The FSA issued the warning following a review of data security systems and controls at 39 firms including banks, building societies, insurance companies and financial advisers.
Although it found examples of good practice across the industry, it said firms underestimated the risk of data loss and fraud to their businesses — especially to their customers.
One company has been referred to the FSA’s enforcement division.
The call comes just days after Information Commissioner Richard Thomas said companies and government departments had suffered an “inexcusable number” of security breaches since the loss of millions of personal details last year.
Thomas said he had been told of 94 data breaches since November, with two-thirds from the public sector and the rest from the private sector. Half of the commercial breaches were from financial institutions.

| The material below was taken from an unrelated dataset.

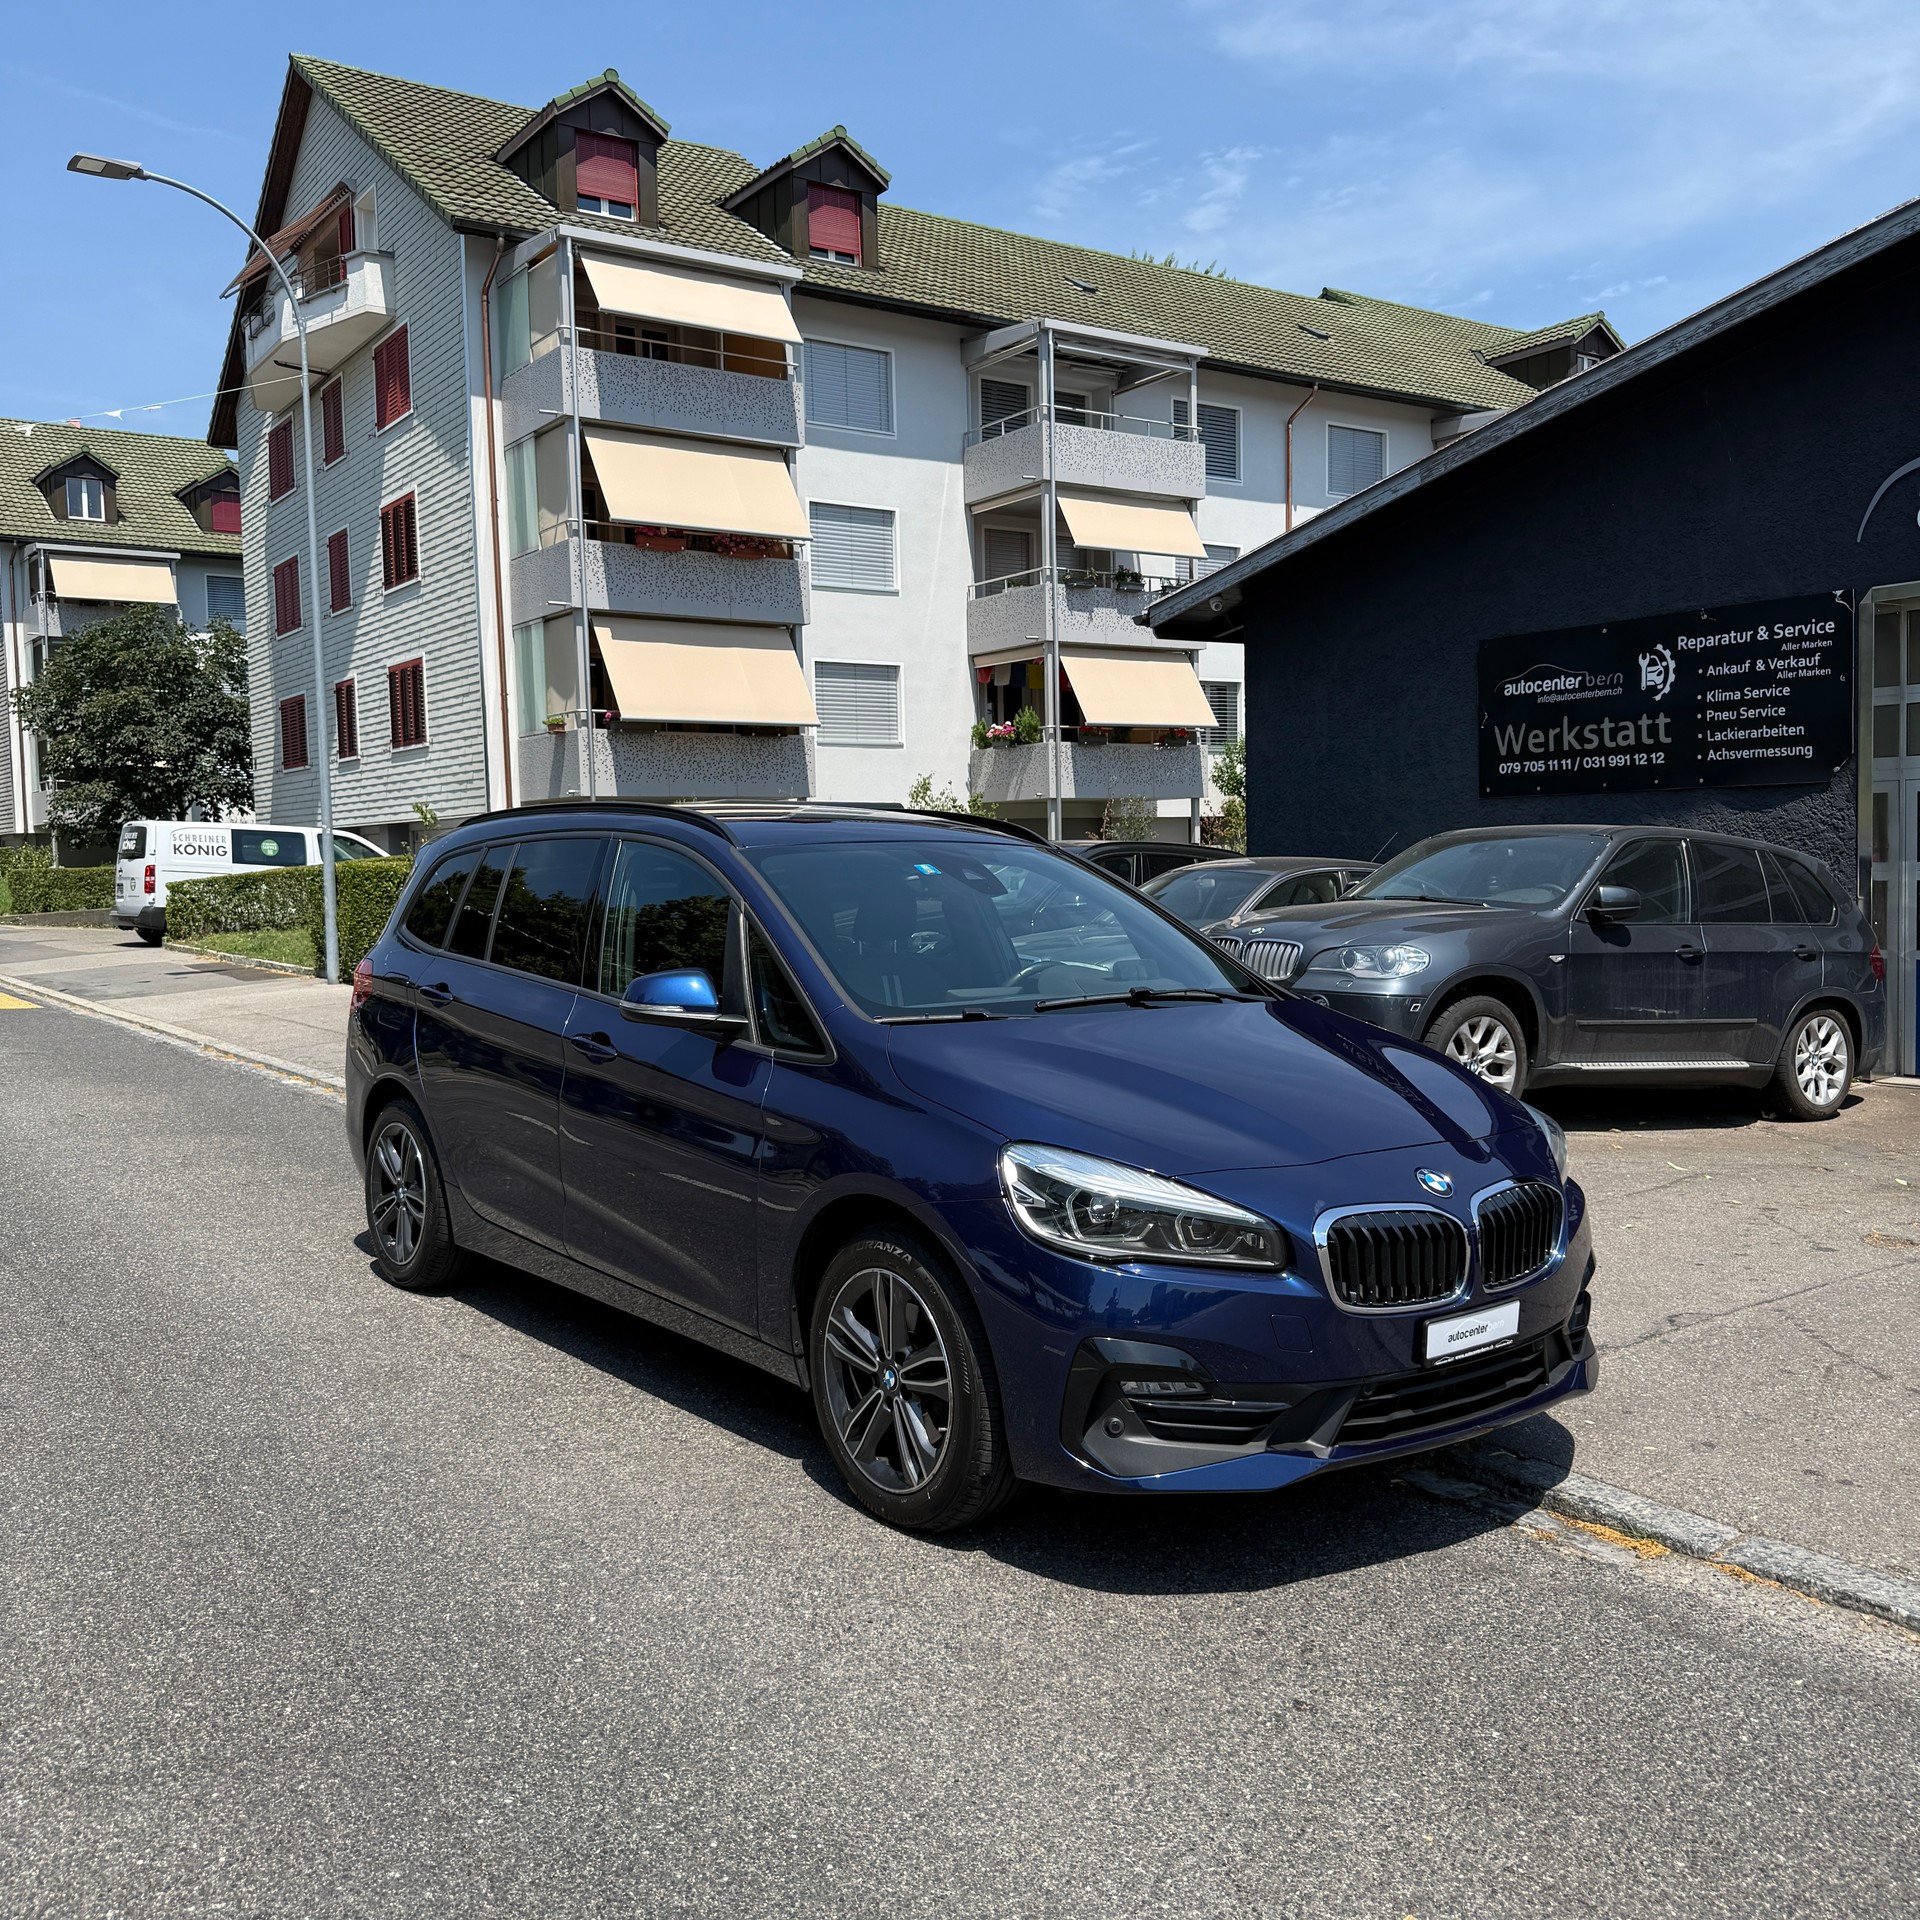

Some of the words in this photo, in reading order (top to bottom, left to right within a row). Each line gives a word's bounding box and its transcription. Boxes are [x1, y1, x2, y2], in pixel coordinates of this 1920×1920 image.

Prime Minister Gordon Brown ordered an urgent review after HM Revenue and Customs said it had lost data on 25 million people, exposing them to the risk of identity theft and fraud.
The FSA said that, on occasions of significant data loss, firms seemed more concerned about adverse media coverage than on being open and transparent with their customers.
Speaking at the body’s annual conference on financial crime, Philip Robinson, its director of financial crime and intelligence, said: “It is worrying that, despite increased public awareness of the impact that identity theft can have on customers, many firms are still not taking this risk seriously.
“Customers have a right to be confident that firms are doing everything reasonably possible to keep their personal and financial details safe.”